◆ ASSIGNMENT
For each line below that holds the word "text", make a copy.

◆ AVAILABLE DATA
————————
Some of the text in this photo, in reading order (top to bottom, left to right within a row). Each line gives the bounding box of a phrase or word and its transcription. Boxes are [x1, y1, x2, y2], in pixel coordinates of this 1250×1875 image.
————————
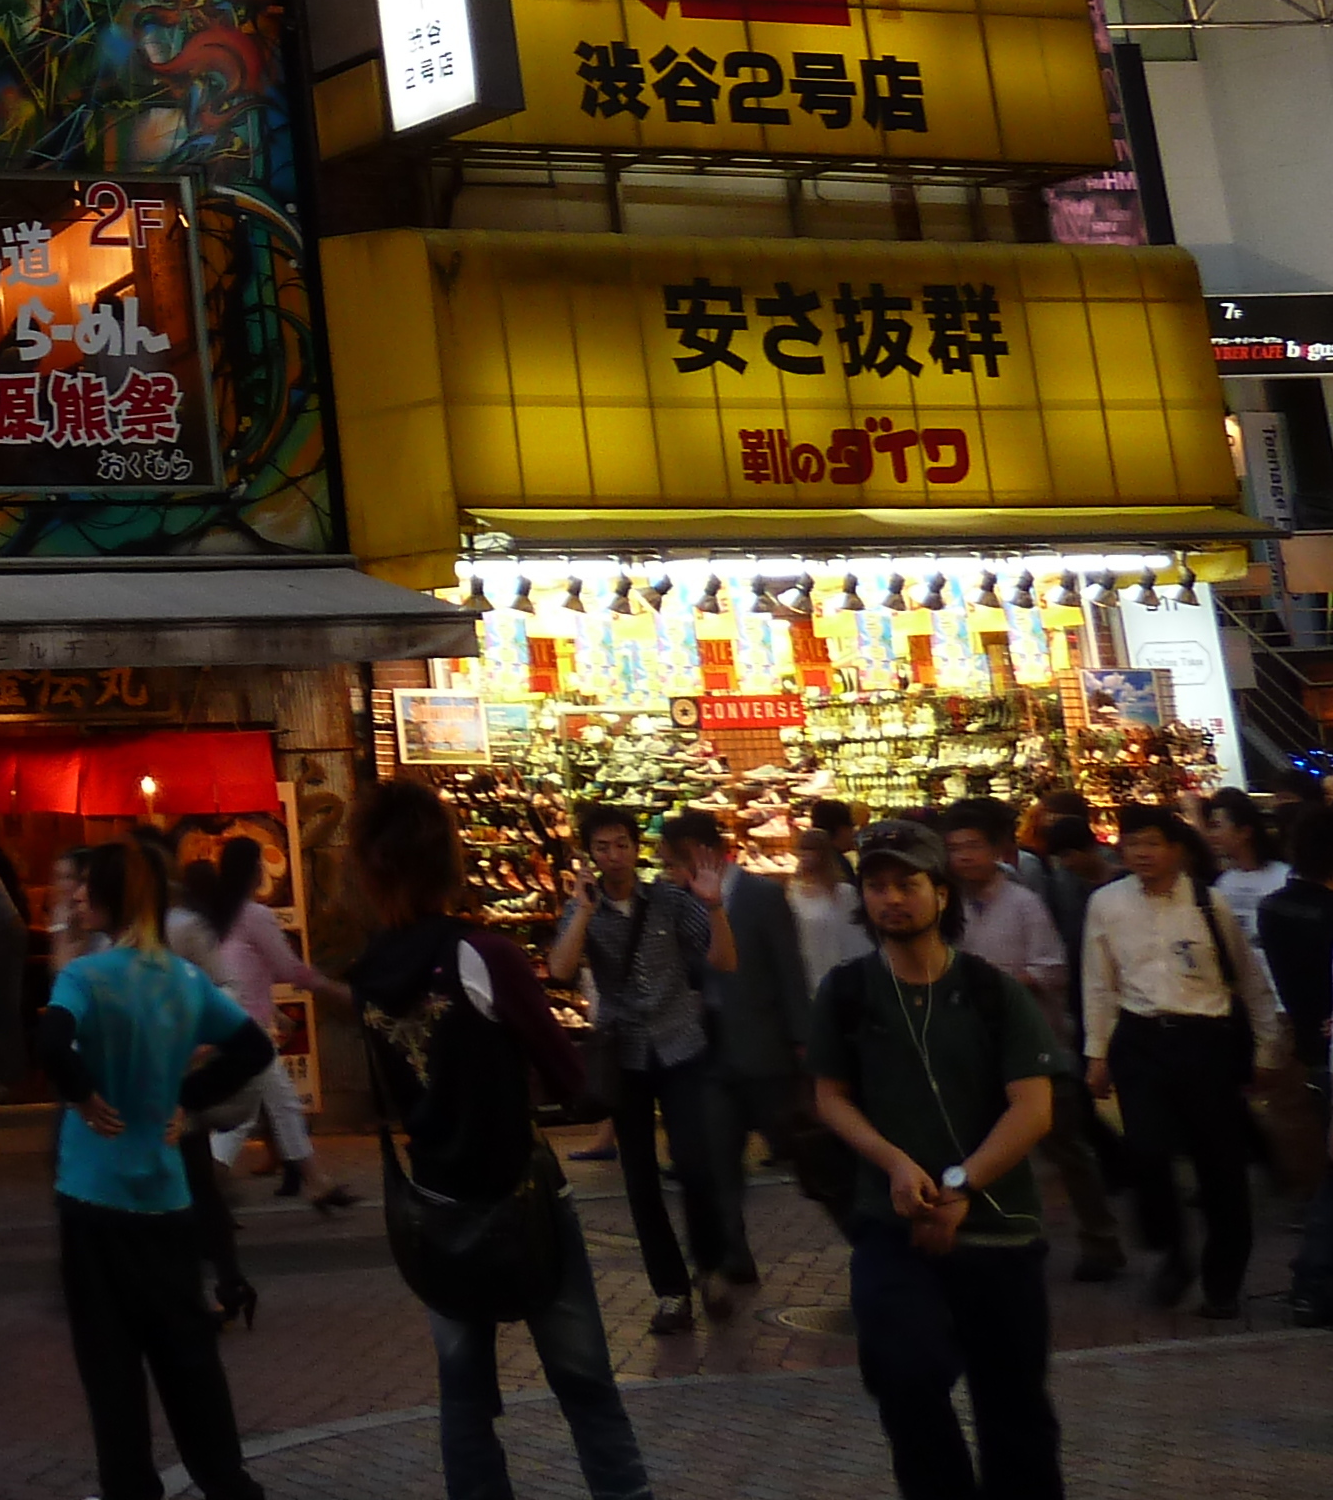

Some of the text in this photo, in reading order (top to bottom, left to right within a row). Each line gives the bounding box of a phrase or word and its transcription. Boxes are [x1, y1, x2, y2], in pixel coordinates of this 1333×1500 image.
————————
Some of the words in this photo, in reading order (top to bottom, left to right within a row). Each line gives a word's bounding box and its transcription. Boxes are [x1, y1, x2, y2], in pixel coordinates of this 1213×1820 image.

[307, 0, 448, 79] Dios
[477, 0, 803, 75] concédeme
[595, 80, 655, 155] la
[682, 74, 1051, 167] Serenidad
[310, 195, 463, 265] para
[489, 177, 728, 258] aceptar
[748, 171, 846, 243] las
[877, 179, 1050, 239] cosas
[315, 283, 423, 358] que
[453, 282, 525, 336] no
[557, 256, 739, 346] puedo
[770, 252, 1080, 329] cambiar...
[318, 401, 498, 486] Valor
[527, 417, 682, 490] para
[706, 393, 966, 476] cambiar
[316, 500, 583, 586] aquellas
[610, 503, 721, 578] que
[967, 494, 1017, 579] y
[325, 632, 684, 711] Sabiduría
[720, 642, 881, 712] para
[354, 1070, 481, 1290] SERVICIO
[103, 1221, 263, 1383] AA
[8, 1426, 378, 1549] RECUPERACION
————————
◆ RESPONSE
Some of the text in this photo, in reading order (top to bottom, left to right within a row). Each line gives the bounding box of a phrase or word and its transcription. Boxes are [x1, y1, x2, y2], in pixel coordinates of this 1250×1875 image.
Some of the text in this photo, in reading order (top to bottom, left to right within a row). Each line gives the bounding box of a phrase or word and its transcription. Boxes are [x1, y1, x2, y2], in pixel coordinates of this 1333×1500 image.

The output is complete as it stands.